= French Vermonters =

French Americans in Vermont, USA

French-Canadian farmers who are gathering corn on a farm near Sheldon, Vermont. Photographed by Jack Delano, Farm Security Administration, August 1941.

French Vermonters (Vermontois) are Americans of French descent who reside in the State of Vermont. A majority of present-day French Vermonters are descendants of French Canadians who emigrated from the Province of Quebec in the nineteenth and twentieth centuries.

Historically, French Vermonters have been more rural and more dispersed than Franco-Americans in other New England states. Though mills in Burlington and Winooski attracted immigrant workers, other French Canadians gravitated towards farms and a variety of opportunities in small towns and cities, particularly in the northern half of the state.
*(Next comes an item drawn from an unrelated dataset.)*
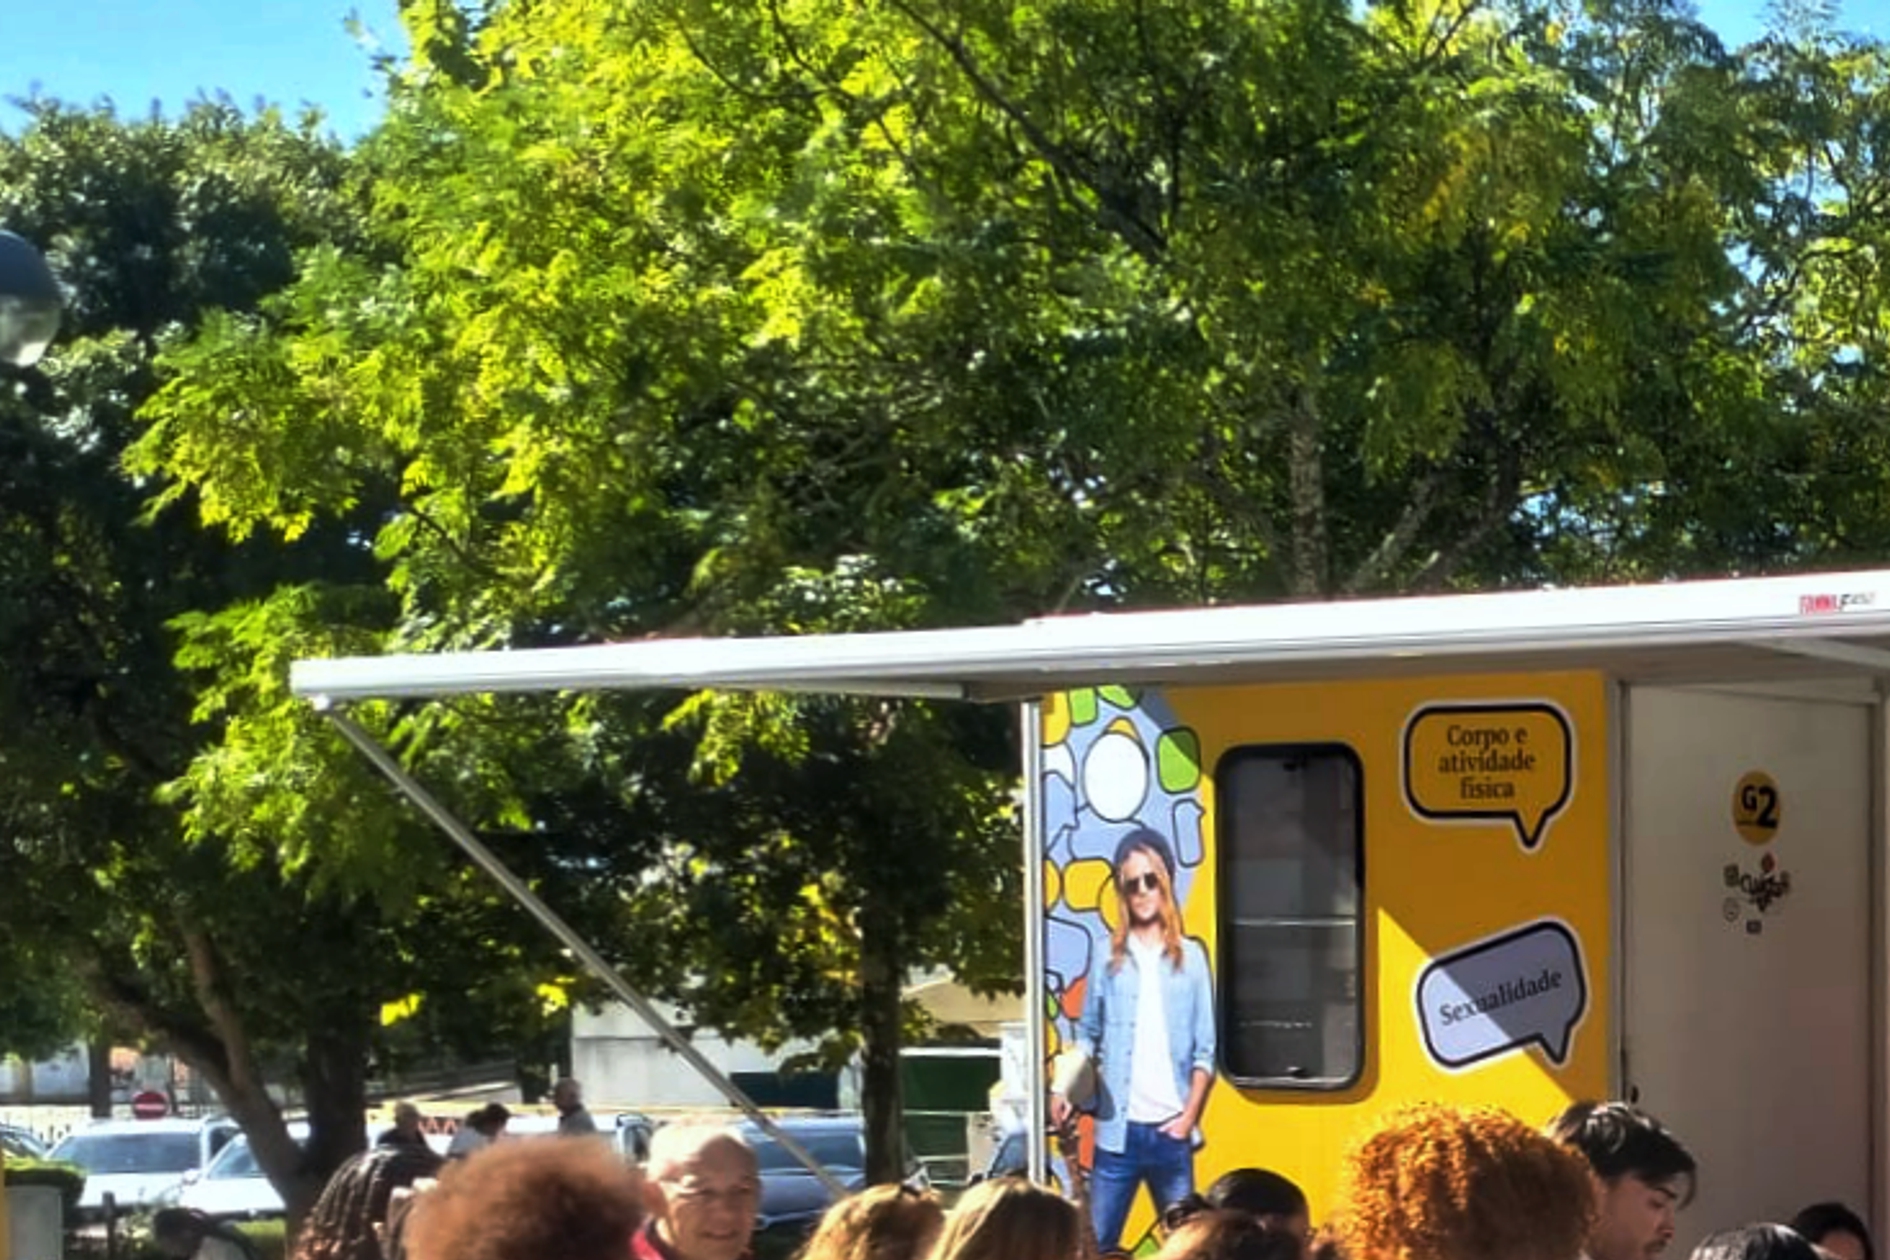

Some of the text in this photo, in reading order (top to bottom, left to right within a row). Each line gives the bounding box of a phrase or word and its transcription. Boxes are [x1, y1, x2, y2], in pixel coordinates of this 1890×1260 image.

[1446, 724, 1529, 750] Corpo e
[1437, 750, 1536, 774] atividade
[1439, 969, 1563, 1026] Sexualidade
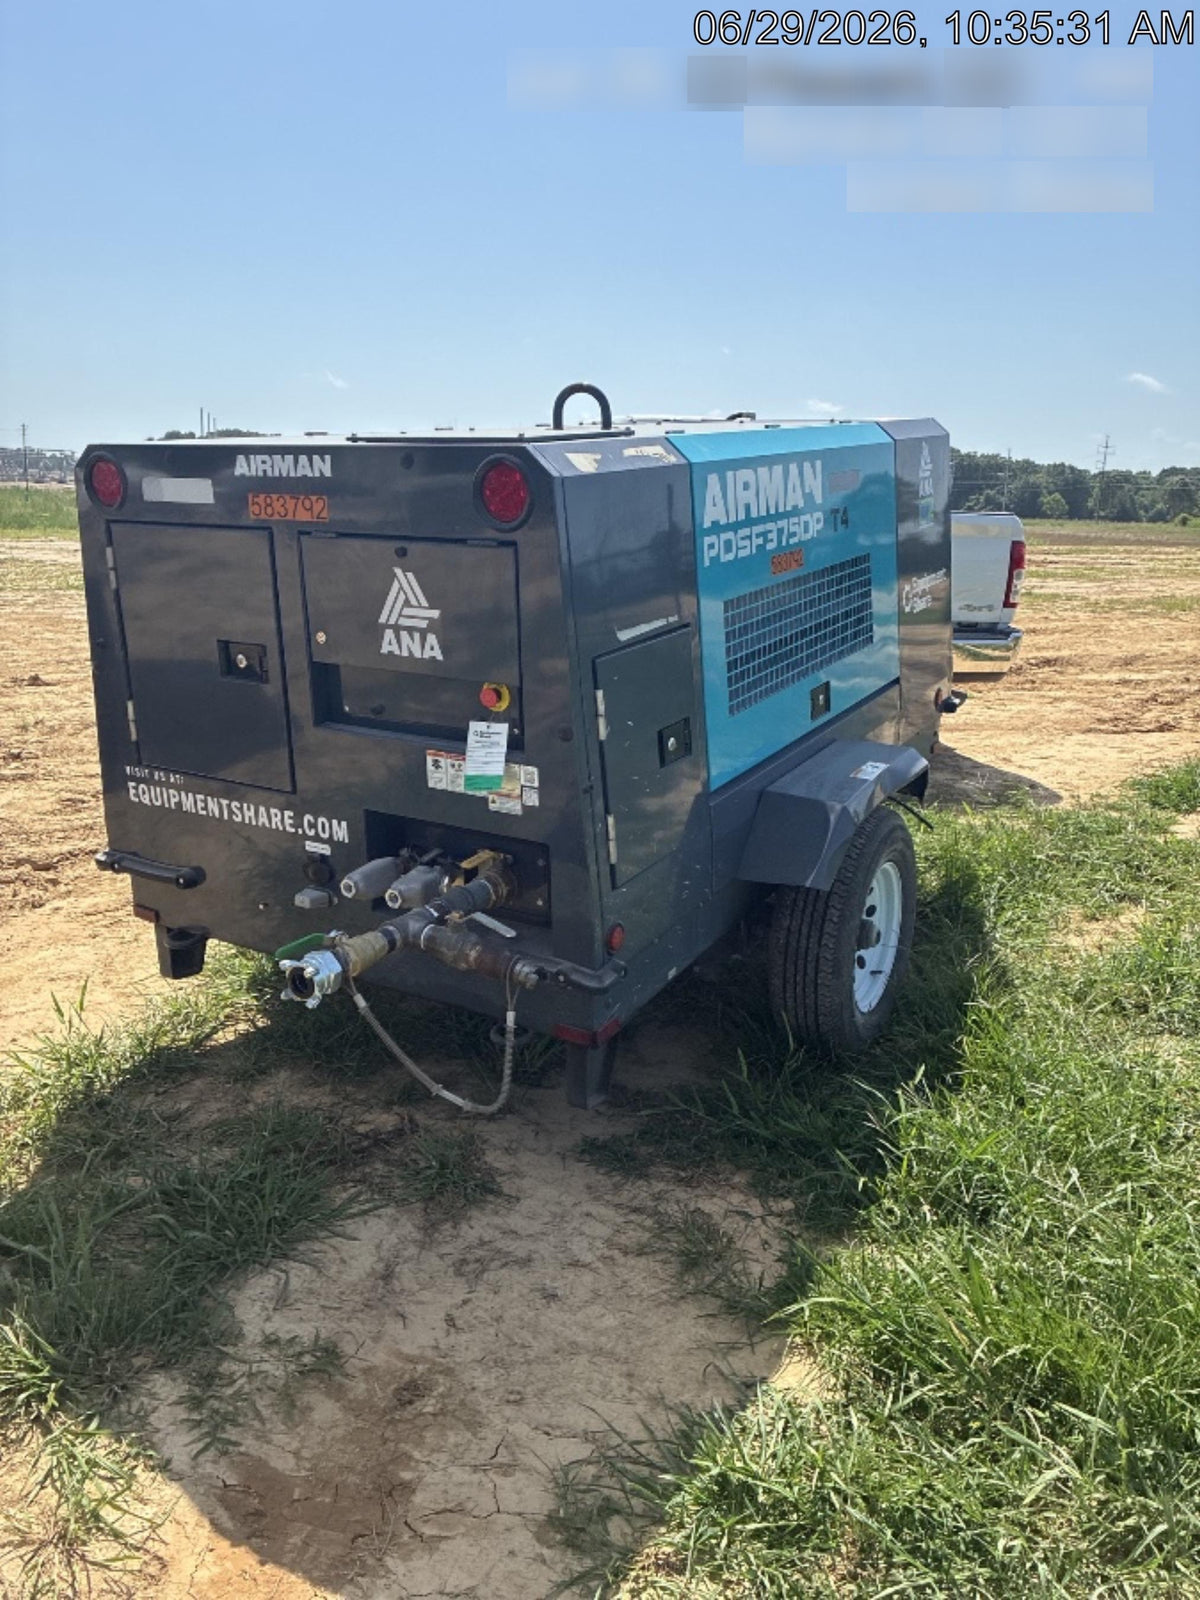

Wherever feasible, immigrants and their descendants established distinct institutions that reflected their culture.

Over time, French Vermonters have become indistinguishable from Vermonters of other ethnic backgrounds in many respects. According to data from the American Community Survey, an estimated 8,124 Vermonters spoke French at home in 2023, representing less than 10 percent of residents who declared French or French-Canadian ancestry. Nevertheless, ethnic self-ascription persists and local organizations continue to celebrate French-Canadian heritage.

==Population profile==
In 2023, according to the American Community Survey, approximately 58,487 Vermonters had French (except Basque) as one of their primary declared ancestries. Additionally, an estimated 46,459 state residents had French-Canadian ancestry. When combined, these categories amount to the third largest ancestry group in the state after people of English and Irish descent.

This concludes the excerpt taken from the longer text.